▸ **Work instruction**:
Return all records exactly. Nothing may be added.
===== Provided records =====
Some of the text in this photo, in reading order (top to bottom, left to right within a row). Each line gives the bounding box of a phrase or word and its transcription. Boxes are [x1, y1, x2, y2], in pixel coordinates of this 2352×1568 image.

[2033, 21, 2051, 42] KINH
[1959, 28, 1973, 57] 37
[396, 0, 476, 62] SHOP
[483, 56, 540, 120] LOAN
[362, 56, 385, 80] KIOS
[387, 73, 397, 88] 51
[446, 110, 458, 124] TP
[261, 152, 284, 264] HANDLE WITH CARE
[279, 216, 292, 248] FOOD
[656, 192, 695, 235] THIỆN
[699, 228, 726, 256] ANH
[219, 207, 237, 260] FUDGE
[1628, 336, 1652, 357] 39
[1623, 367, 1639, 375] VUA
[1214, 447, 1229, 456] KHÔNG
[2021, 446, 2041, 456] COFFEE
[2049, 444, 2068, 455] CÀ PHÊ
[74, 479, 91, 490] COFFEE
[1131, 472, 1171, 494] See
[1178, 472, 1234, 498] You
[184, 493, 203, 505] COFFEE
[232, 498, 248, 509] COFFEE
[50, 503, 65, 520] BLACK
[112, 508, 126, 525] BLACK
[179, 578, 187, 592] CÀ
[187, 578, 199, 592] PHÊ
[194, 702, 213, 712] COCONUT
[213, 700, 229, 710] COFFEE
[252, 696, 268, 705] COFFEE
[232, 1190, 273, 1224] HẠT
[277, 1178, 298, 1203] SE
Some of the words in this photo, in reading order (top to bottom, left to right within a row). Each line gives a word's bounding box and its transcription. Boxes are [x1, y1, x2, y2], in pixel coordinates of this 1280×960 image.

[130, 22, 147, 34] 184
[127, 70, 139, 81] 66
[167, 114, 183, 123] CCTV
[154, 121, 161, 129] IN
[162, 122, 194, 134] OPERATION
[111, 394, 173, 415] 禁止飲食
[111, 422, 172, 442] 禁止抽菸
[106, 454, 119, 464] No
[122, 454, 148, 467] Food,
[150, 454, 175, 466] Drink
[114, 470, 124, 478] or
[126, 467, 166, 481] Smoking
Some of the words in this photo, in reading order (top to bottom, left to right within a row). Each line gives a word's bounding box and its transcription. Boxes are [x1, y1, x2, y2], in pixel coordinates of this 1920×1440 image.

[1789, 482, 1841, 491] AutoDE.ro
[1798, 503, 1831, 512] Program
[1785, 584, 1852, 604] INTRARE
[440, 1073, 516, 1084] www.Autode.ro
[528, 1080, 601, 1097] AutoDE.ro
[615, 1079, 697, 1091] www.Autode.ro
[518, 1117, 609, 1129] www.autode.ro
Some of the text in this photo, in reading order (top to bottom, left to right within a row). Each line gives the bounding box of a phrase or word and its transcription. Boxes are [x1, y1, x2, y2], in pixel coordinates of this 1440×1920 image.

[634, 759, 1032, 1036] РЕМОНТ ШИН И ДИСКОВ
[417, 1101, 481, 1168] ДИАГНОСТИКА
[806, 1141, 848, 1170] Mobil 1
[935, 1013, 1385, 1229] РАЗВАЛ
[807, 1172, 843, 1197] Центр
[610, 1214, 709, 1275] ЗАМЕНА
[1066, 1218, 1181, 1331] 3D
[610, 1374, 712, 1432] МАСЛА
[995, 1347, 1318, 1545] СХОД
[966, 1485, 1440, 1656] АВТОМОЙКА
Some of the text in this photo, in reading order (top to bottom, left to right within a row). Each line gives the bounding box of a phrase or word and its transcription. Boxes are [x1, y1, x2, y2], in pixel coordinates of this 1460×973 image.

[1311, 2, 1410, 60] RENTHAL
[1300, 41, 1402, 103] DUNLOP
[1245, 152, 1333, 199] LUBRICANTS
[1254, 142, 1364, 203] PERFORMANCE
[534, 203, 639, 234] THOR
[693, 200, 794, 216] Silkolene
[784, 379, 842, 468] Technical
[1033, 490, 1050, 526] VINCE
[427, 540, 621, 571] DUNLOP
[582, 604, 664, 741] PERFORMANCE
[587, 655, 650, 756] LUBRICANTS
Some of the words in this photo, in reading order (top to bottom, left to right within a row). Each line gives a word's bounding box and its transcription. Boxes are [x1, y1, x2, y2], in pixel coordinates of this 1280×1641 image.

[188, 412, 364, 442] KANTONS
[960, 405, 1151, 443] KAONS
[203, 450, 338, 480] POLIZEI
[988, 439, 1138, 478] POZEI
=====
▸ **Output**:
Some of the text in this photo, in reading order (top to bottom, left to right within a row). Each line gives the bounding box of a phrase or word and its transcription. Boxes are [x1, y1, x2, y2], in pixel coordinates of this 2352×1568 image.

[2033, 21, 2051, 42] KINH
[1959, 28, 1973, 57] 37
[396, 0, 476, 62] SHOP
[483, 56, 540, 120] LOAN
[362, 56, 385, 80] KIOS
[387, 73, 397, 88] 51
[446, 110, 458, 124] TP
[261, 152, 284, 264] HANDLE WITH CARE
[279, 216, 292, 248] FOOD
[656, 192, 695, 235] THIỆN
[699, 228, 726, 256] ANH
[219, 207, 237, 260] FUDGE
[1628, 336, 1652, 357] 39
[1623, 367, 1639, 375] VUA
[1214, 447, 1229, 456] KHÔNG
[2021, 446, 2041, 456] COFFEE
[2049, 444, 2068, 455] CÀ PHÊ
[74, 479, 91, 490] COFFEE
[1131, 472, 1171, 494] See
[1178, 472, 1234, 498] You
[184, 493, 203, 505] COFFEE
[232, 498, 248, 509] COFFEE
[50, 503, 65, 520] BLACK
[112, 508, 126, 525] BLACK
[179, 578, 187, 592] CÀ
[187, 578, 199, 592] PHÊ
[194, 702, 213, 712] COCONUT
[213, 700, 229, 710] COFFEE
[252, 696, 268, 705] COFFEE
[232, 1190, 273, 1224] HẠT
[277, 1178, 298, 1203] SE
Some of the words in this photo, in reading order (top to bottom, left to right within a row). Each line gives a word's bounding box and its transcription. Boxes are [x1, y1, x2, y2], in pixel coordinates of this 1280×960 image.

[130, 22, 147, 34] 184
[127, 70, 139, 81] 66
[167, 114, 183, 123] CCTV
[154, 121, 161, 129] IN
[162, 122, 194, 134] OPERATION
[111, 394, 173, 415] 禁止飲食
[111, 422, 172, 442] 禁止抽菸
[106, 454, 119, 464] No
[122, 454, 148, 467] Food,
[150, 454, 175, 466] Drink
[114, 470, 124, 478] or
[126, 467, 166, 481] Smoking
Some of the words in this photo, in reading order (top to bottom, left to right within a row). Each line gives a word's bounding box and its transcription. Boxes are [x1, y1, x2, y2], in pixel coordinates of this 1920×1440 image.

[1789, 482, 1841, 491] AutoDE.ro
[1798, 503, 1831, 512] Program
[1785, 584, 1852, 604] INTRARE
[440, 1073, 516, 1084] www.Autode.ro
[528, 1080, 601, 1097] AutoDE.ro
[615, 1079, 697, 1091] www.Autode.ro
[518, 1117, 609, 1129] www.autode.ro
Some of the text in this photo, in reading order (top to bottom, left to right within a row). Each line gives the bounding box of a phrase or word and its transcription. Boxes are [x1, y1, x2, y2], in pixel coordinates of this 1440×1920 image.

[634, 759, 1032, 1036] РЕМОНТ ШИН И ДИСКОВ
[417, 1101, 481, 1168] ДИАГНОСТИКА
[806, 1141, 848, 1170] Mobil 1
[935, 1013, 1385, 1229] РАЗВАЛ
[807, 1172, 843, 1197] Центр
[610, 1214, 709, 1275] ЗАМЕНА
[1066, 1218, 1181, 1331] 3D
[610, 1374, 712, 1432] МАСЛА
[995, 1347, 1318, 1545] СХОД
[966, 1485, 1440, 1656] АВТОМОЙКА
Some of the text in this photo, in reading order (top to bottom, left to right within a row). Each line gives the bounding box of a phrase or word and its transcription. Boxes are [x1, y1, x2, y2], in pixel coordinates of this 1460×973 image.

[1311, 2, 1410, 60] RENTHAL
[1300, 41, 1402, 103] DUNLOP
[1245, 152, 1333, 199] LUBRICANTS
[1254, 142, 1364, 203] PERFORMANCE
[534, 203, 639, 234] THOR
[693, 200, 794, 216] Silkolene
[784, 379, 842, 468] Technical
[1033, 490, 1050, 526] VINCE
[427, 540, 621, 571] DUNLOP
[582, 604, 664, 741] PERFORMANCE
[587, 655, 650, 756] LUBRICANTS
Some of the words in this photo, in reading order (top to bottom, left to right within a row). Each line gives a word's bounding box and its transcription. Boxes are [x1, y1, x2, y2], in pixel coordinates of this 1280×1641 image.

[188, 412, 364, 442] KANTONS
[960, 405, 1151, 443] KAONS
[203, 450, 338, 480] POLIZEI
[988, 439, 1138, 478] POZEI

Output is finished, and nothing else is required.